> **Exercise details**
Please set out each line below exactly as it stands, without the images.

########

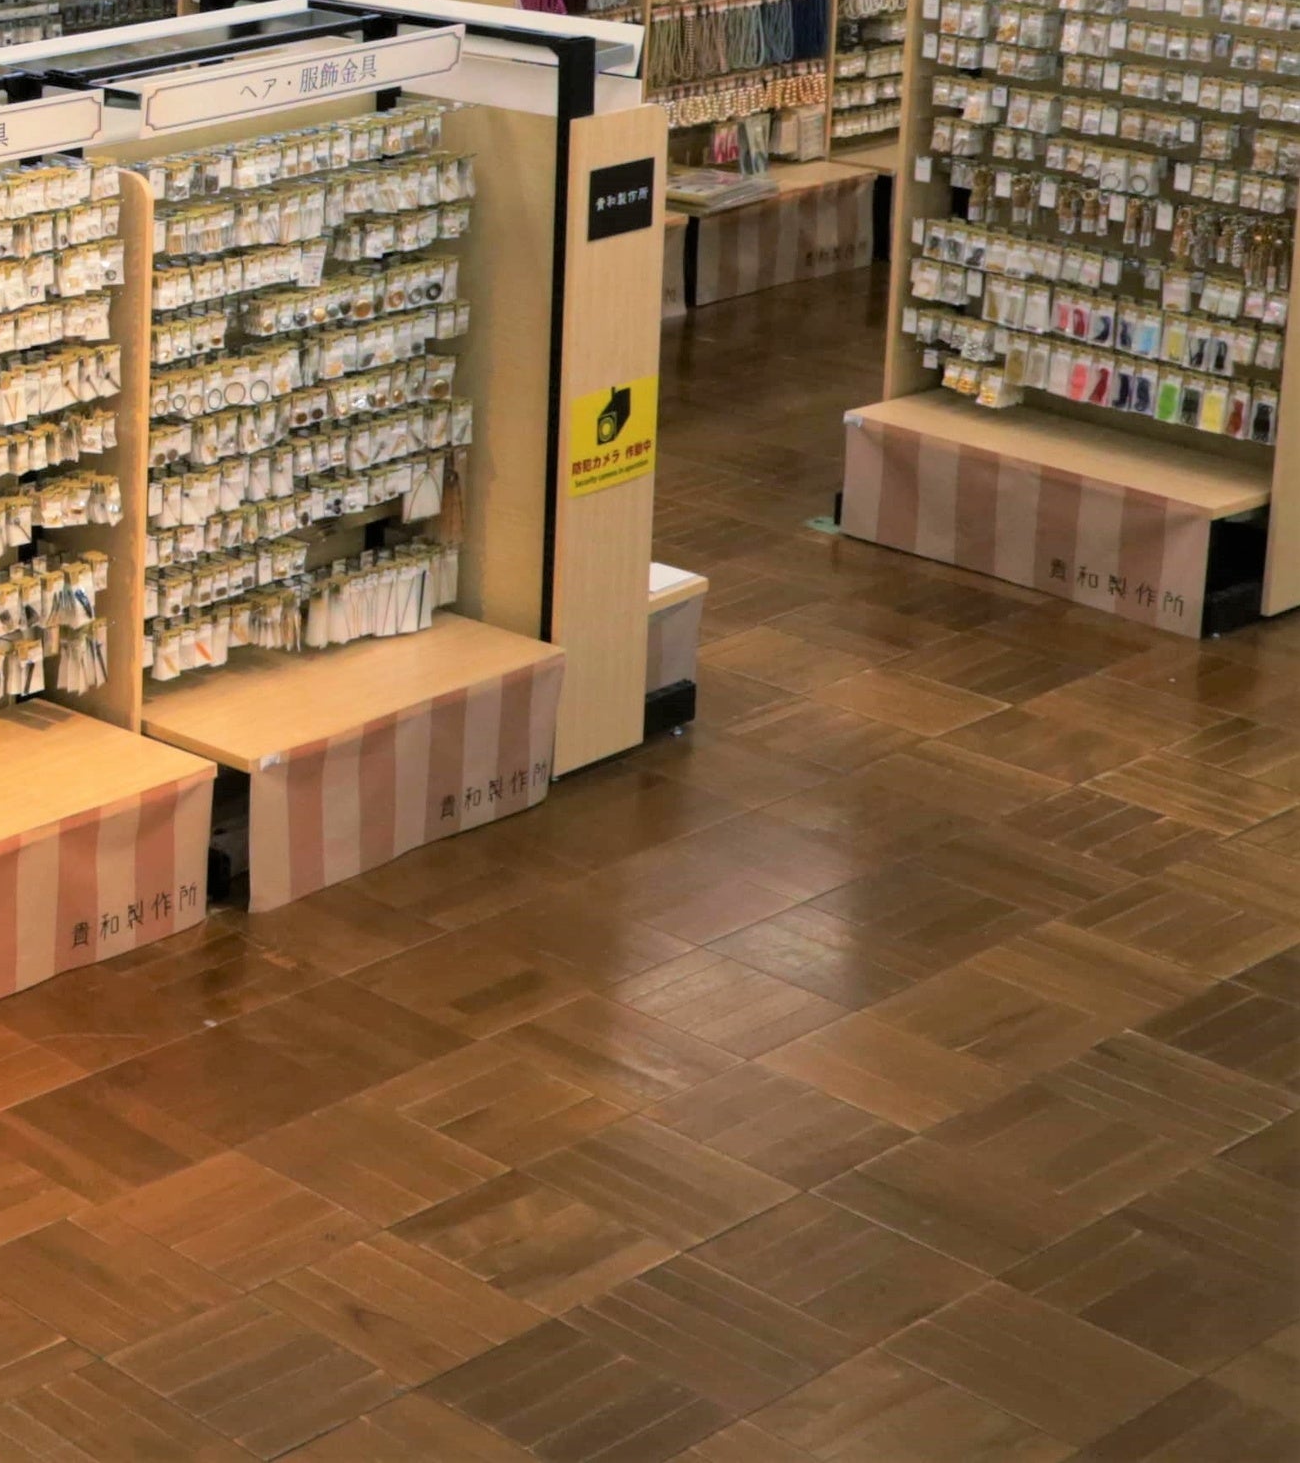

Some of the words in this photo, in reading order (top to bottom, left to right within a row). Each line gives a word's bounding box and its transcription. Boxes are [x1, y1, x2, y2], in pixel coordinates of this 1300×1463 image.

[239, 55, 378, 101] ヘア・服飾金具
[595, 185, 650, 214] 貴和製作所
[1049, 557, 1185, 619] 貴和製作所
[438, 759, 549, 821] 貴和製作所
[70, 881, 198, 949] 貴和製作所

########

> **Your solution**
Some of the words in this photo, in reading order (top to bottom, left to right within a row). Each line gives a word's bounding box and its transcription. Boxes are [x1, y1, x2, y2], in pixel coordinates of this 1300×1463 image.

[239, 55, 378, 101] ヘア・服飾金具
[595, 185, 650, 214] 貴和製作所
[1049, 557, 1185, 619] 貴和製作所
[438, 759, 549, 821] 貴和製作所
[70, 881, 198, 949] 貴和製作所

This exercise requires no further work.